Lykogiannis travolge lo svedese in area e Abisso non va neanche al Var. Dal dischetto Kessie cede la cortesia. E Ibra spiazza Cragno. Attenzione pero’ perche’ il Cagliari sembra piu’ solido del solito. E rimane sempre in partita. Il Milan ha una clamorosa occasione per raddoppiare e chiudere la questione al 35′: il tiro di Calabria e’ lontano dalla portata di Cragno, pero’ finisce pero’ sul palo. Il Cagliari e’ li’, non corre l’errore di sbilanciarsi troppo per tenere ancora viva la speranza.

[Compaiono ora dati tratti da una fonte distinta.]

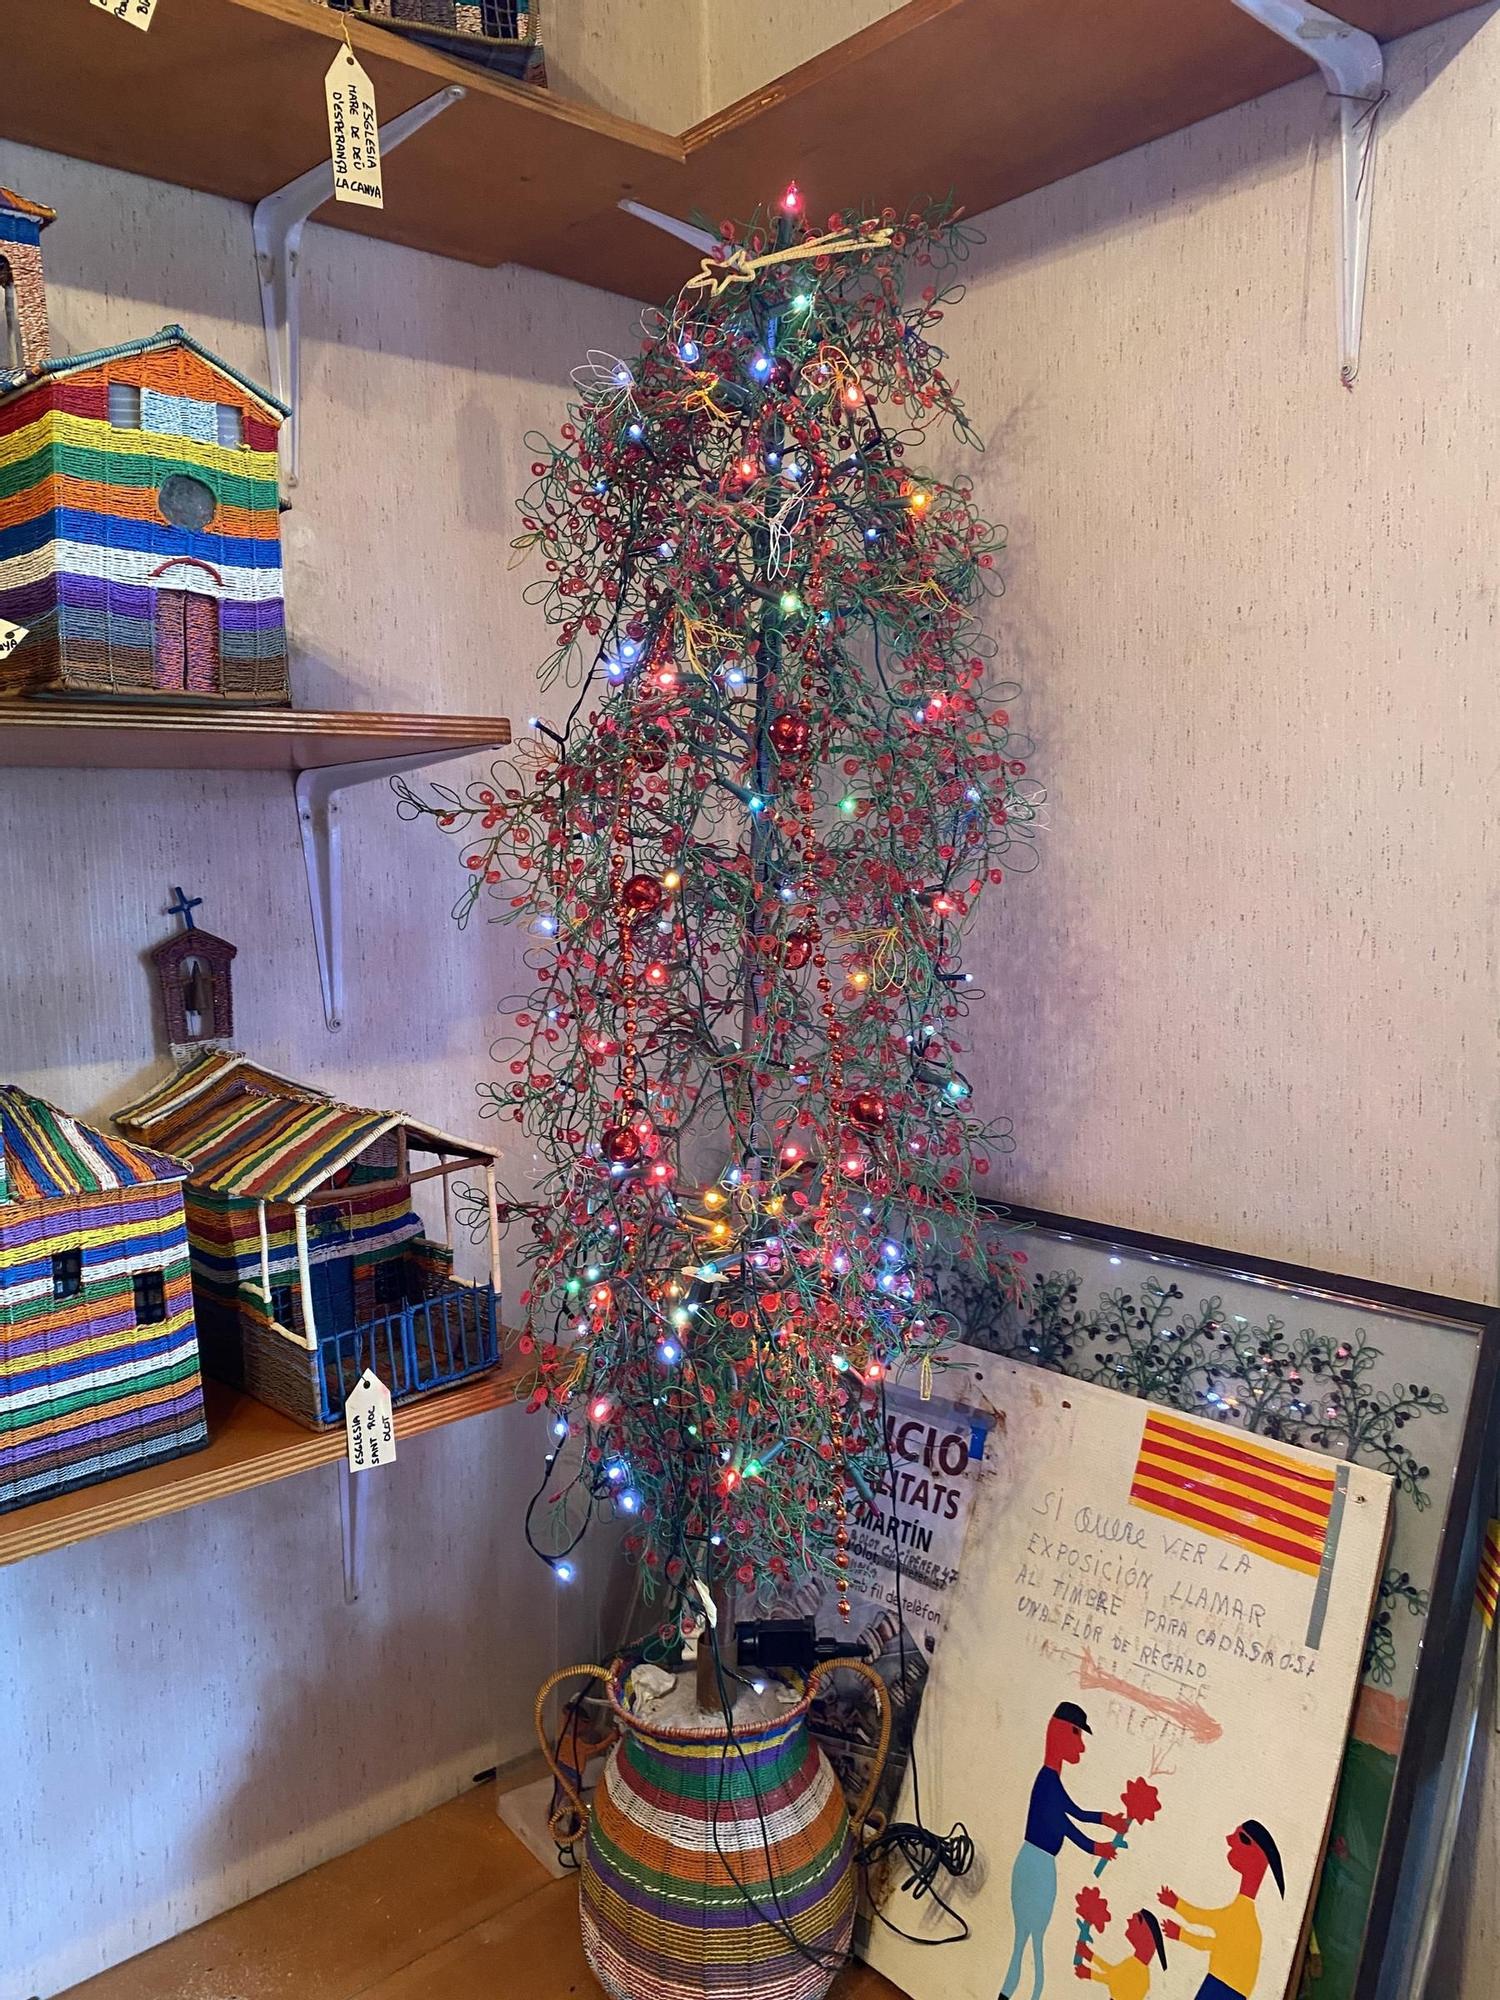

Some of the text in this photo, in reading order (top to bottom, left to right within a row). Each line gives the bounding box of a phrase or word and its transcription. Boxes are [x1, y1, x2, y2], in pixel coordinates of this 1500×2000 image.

Il Milan prova ad amministrare, il possesso e’ dalla sua parte, ma e’ una circolazione palla che non stordisce i rossoblu. Nella ripresa pero’ il Cagliari si fa ti-sorprendere al 7′: lancio di Calabria e Ibrahimovic va e segna. L’arbitro annulla, ma poi il Var dice che e’ gol. Il finale pero’ e’ una sofferenza inattesa per Pioli perche’ Saelemaekers entra e si fa ammonire due volte: Milan in dieci. Per il Cagliari- che fa entrare le torri Pavoletti e Cerri- qualche mischia pericolosa. Ma il risultato rimane quello. Se il Milan sogna, per il Cagliari l’incubo continua. Per la squadra di Di Francesco e’ la quinta sconfitta di fila in campionato. Per il tecnico rossoblu forse un’altra chance nella sfida salvezza col Genoa. Ma ora decide Giulini.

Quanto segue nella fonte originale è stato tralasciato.